Mina’s arrival sets off a traditional conflict: east and west, secular and fundamentalist, etc. Hayat soon decides he wants to be a hafiz—someone who memorizes the entire Koran. But in the process, he discovers the texts many gaps and contradictions—and its less-than-savory treatment of women and Jews. And while Mina herself views the Koran through a more liberal, interpretive lens, Hayat is drawn to the idea that the entire Koran—every sentence, every word—is the true word of God; there can be no doubt.

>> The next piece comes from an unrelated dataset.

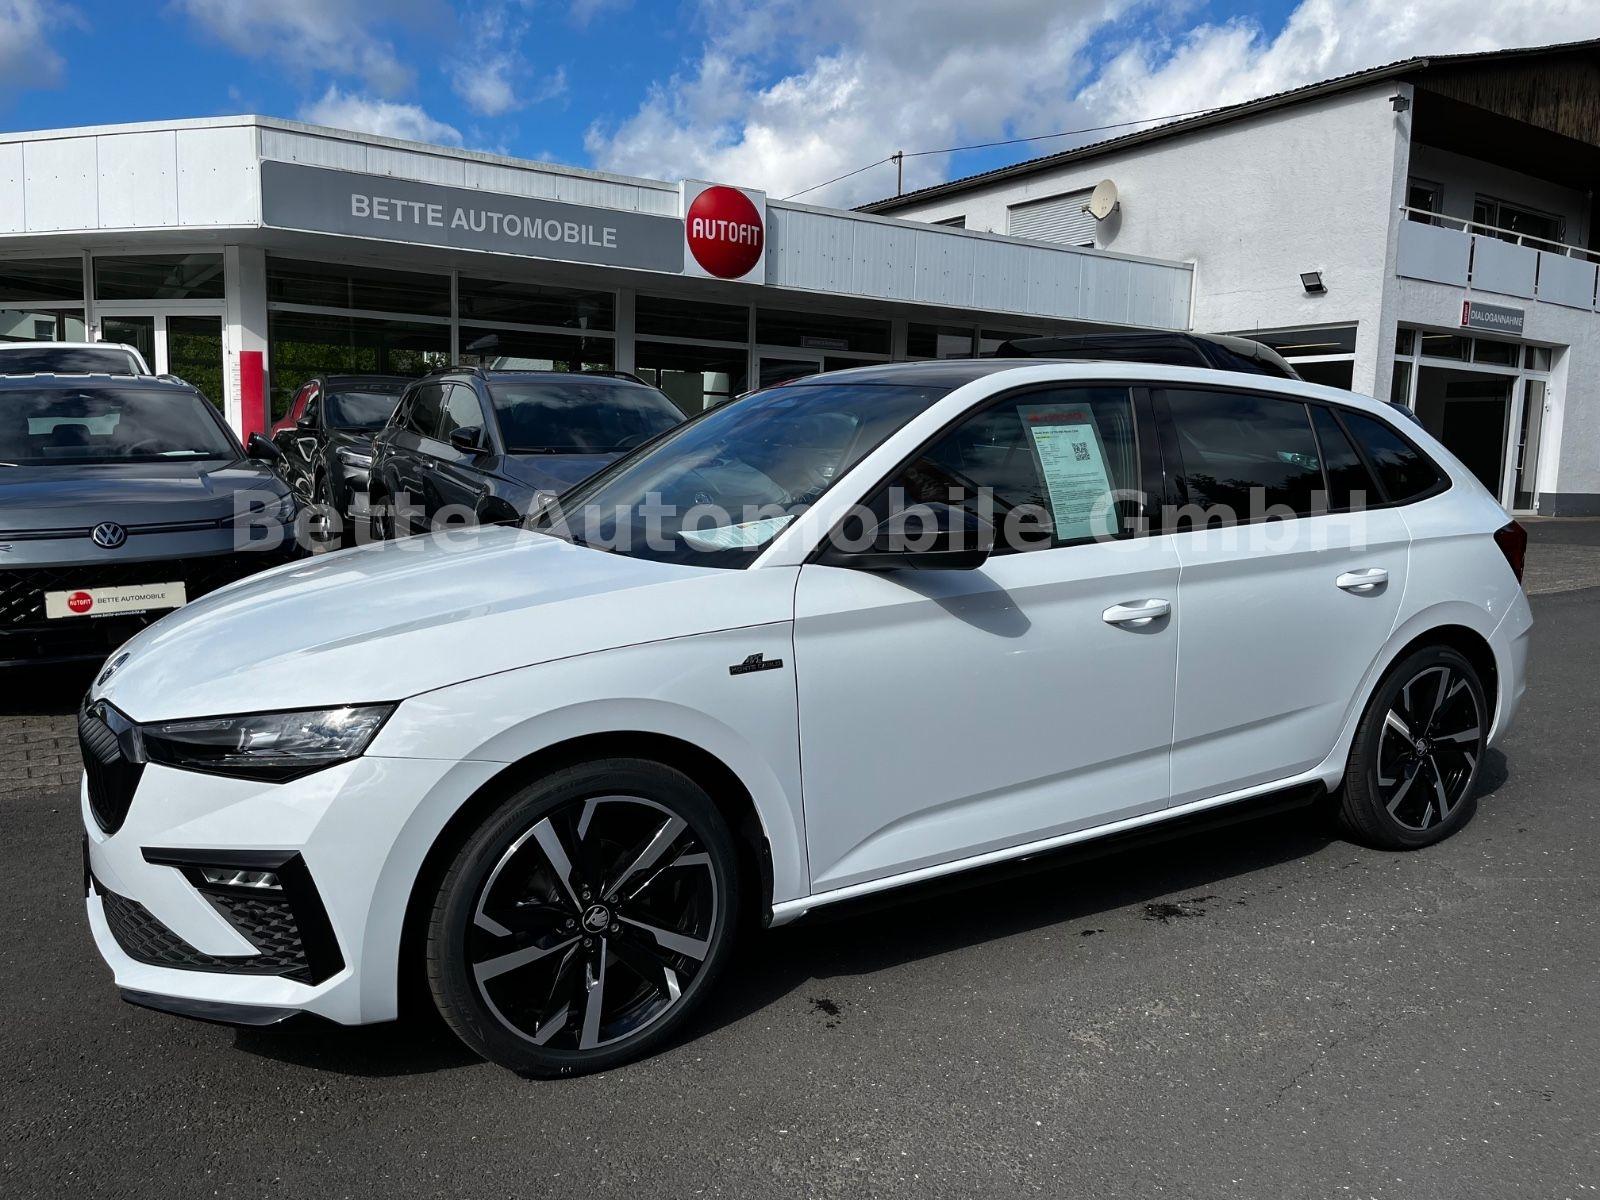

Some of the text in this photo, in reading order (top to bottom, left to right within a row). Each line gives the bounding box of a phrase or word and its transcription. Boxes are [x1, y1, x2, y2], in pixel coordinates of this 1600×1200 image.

He wants to apply it to every aspect of his waking life—a dedication that, of course, clouds his relationships with women and Jews. Hayat’s mother, for example, is unpopular with other Pakistani immigrants around Milwaukee for her sharp tongue and (perceived) out-of-order temperament (i.e. she does not treat her husband’s word as God’s).
And Hayat’s father is not exactly a gentleman toward Hayat’s mother, frequently and brazenly cheating on her with, as Mrs. Shah calls them, “white bitches.” But while the Koran might justify some less-than-prudent actions toward women, Hayat’s father is extremely anti-Islam. (One scene that is sure to raise eyebrows: Mr. Shah burns a Koran.)
The conflict between the Koran and Jews is at the center of the book. Hayat’s father’s business partner, Nathan, is Jewish and after meeting Mina, falls in love. He courts her, and they soon after agree to marry on the condition that he converts to Islam. A trip to the local mosque, however, goes terribly, as Nathan cannot stand the imam’s virulently anti-Semitic khutba– an event that raises a number of questions: how literally do we take the Koran? How important is the context of the Koran? How relevant is the book in our time?
Hayat struggles with these questions, and in his early adolescence, errs on the side of fundamentalism, believing Nathan to be part of a hated group of people, happy to see his engagement with Mina undone.
The breaking of the engagement starts a tidal wave of tragedy for Mina; going further would, of course, introduce many spoilers. Through his witnessing of what Mina endures, Hayat appears to soften up and show contrition for his youthful and immature fundamentalism.
This is obviously some highly charged stuff: the burning of a Koran, an anti-Semitic khutba, legitimate questions about the degree to which the Koran must be adhered, etc. And I must concede that Akhtar is quite brave to write (albeit fictionally) about such toxic material. Of course, weighing a book’s quality involves other considerations.
Akhtar, a playwright, shows signs of a background in theater: characters’ dialogue as a device to move the plot, many exclamation points/all-caps used to convey anger in conversation.
But what’s most bothersome about American Dervish is the ending—and I’m not talking about where Akhtar takes the plot. In a feckless and quite dissatisfying epilogue, Akhtar includes a chance meeting (of sorts) between Nathan and Hayat. In what must have been a five to seven minute conversation, we are caught up on everything that’s happened to Mina, Hayat’s parents, Nathan, Hayat—every character of consequence in the book; how convenient! It’s a rather sloppy, strangely amateurish way to end what is an otherwise very mature novel.
Fiction writing is not Akhtar’s first calling—and this is his debut—so I won’t be too hard on him for my own subjective take on his ending. To his immense credit, he’s written a novel with extreme moral significance. He’s got a talent for plot-driven fiction and a knack for clean, descriptive prose. His career will go places, no doubt; let’s just hope he learns that sometimes the best ending is one that’s with its folds and wrinkles.